Additional resources

  • For further details about xdp-filter, see the xdp-filter(8) man page.
  • If you are a developer and interested in the code of xdp-filter, download and install the corresponding source RPM (SRPM) from the Red Hat Customer Portal.

49.2. Dropping all network packets except the ones that match an xdp-filter rule

This section describes how to use xdp-filter to allow only network pakets:

  • From and to a specific destination port
  • From and to a specific IP address
  • From and to specific MAC address

To do so, use the deny policy of xdp-filter which defines that the filter drops all network packets except the ones that match a particular rule. For example, use this method if you do not know the source IP addresses of packets you want to drop.

Warning

If you set the default policy to deny when you load xdp-filter on an interface, the kernel immediately drops all packets from this interface until you create rules that allow certain traffic. To avoid being locked out from the system, enter the commands locally or connect through a different network interface to the host.

Prerequisites

  • The xdp-tools package is installed.
  • You are logged in to the host either locally or using a network interface for which you do not plan to filter the traffic.
  • A network driver that supports XDP programs.

Procedure

  1. Load xdp-filter to process packets on a certain interface, such as enp1s0: 

    # xdp-filter load enp1s0 -p deny

    Optionally, use the -f feature option to enable only particular features, such as tcp, ipv4, or ethernet. Loading only the required features instead of all of them increases the speed of package processing. To enable multiple features, separate them with a comma.

    If the command fails with an error, the network driver does not support XDP programs.

  2. Add rules to allow packets that match them. For example:

    • To allow packets from and to port 22, enter: 

      # xdp-filter port 22

      This command adds a rule that matches TCP and UDP traffic.

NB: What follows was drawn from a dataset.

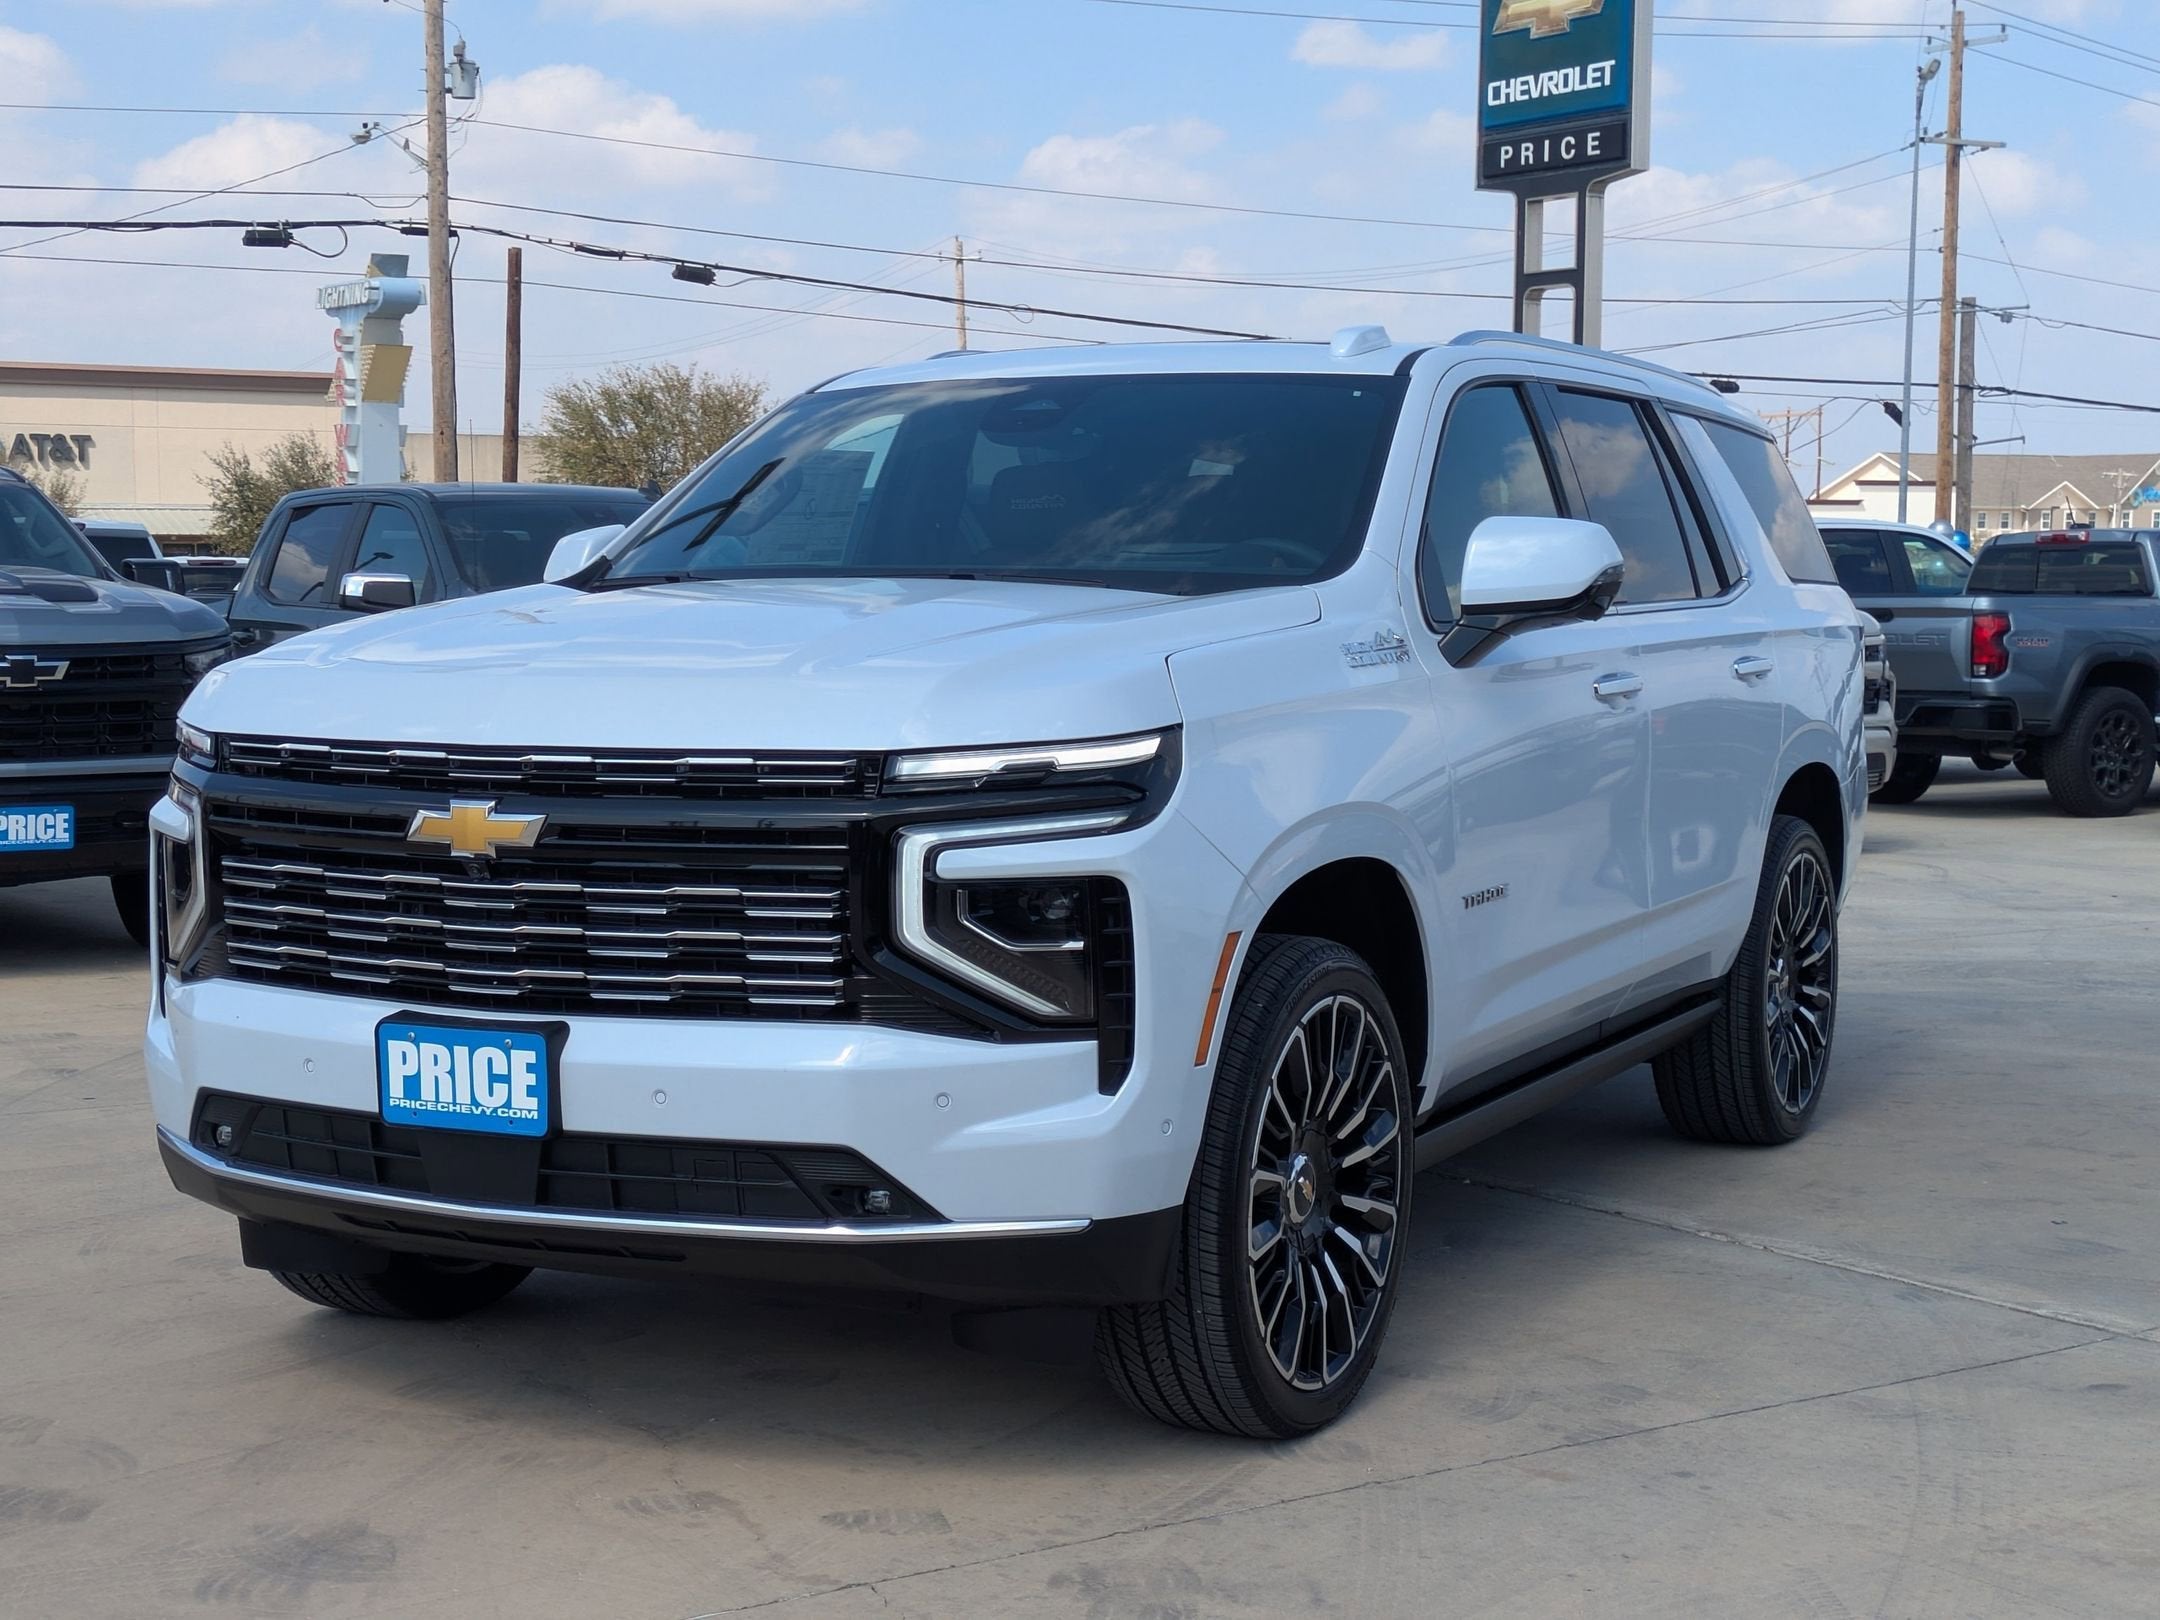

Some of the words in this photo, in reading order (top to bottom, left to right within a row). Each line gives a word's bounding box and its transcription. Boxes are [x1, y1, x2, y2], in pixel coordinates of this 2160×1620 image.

To match only a particular protocol, pass the -p protocol option to the command.

    • To allow packets from and to 192.0.2.1, enter: 

      # xdp-filter ip 192.0.2.1

      Note that xdp-filter does not support IP ranges.

    • To allow packets from and to MAC address 00:53:00:AA:07:BE, enter: 

      # xdp-filter ether 00:53:00:AA:07:BE
    Important

    The xdp-filter utility does not support stateful packet inspection. This requires that you either do not set a mode using the -m mode option or you add explicit rules to allow incoming traffic that the machine receives in reply to outgoing traffic.

Verification steps

  • Use the following command to display statistics about dropped and allowed packets: 

    # xdp-filter status

Additional resources

  • For further details about xdp-filter, see the xdp-filter(8) man page.
  • If you are a developer and you are interested in the code of xdp-filter, download and install the corresponding source RPM (SRPM) from the Red Hat Customer Portal.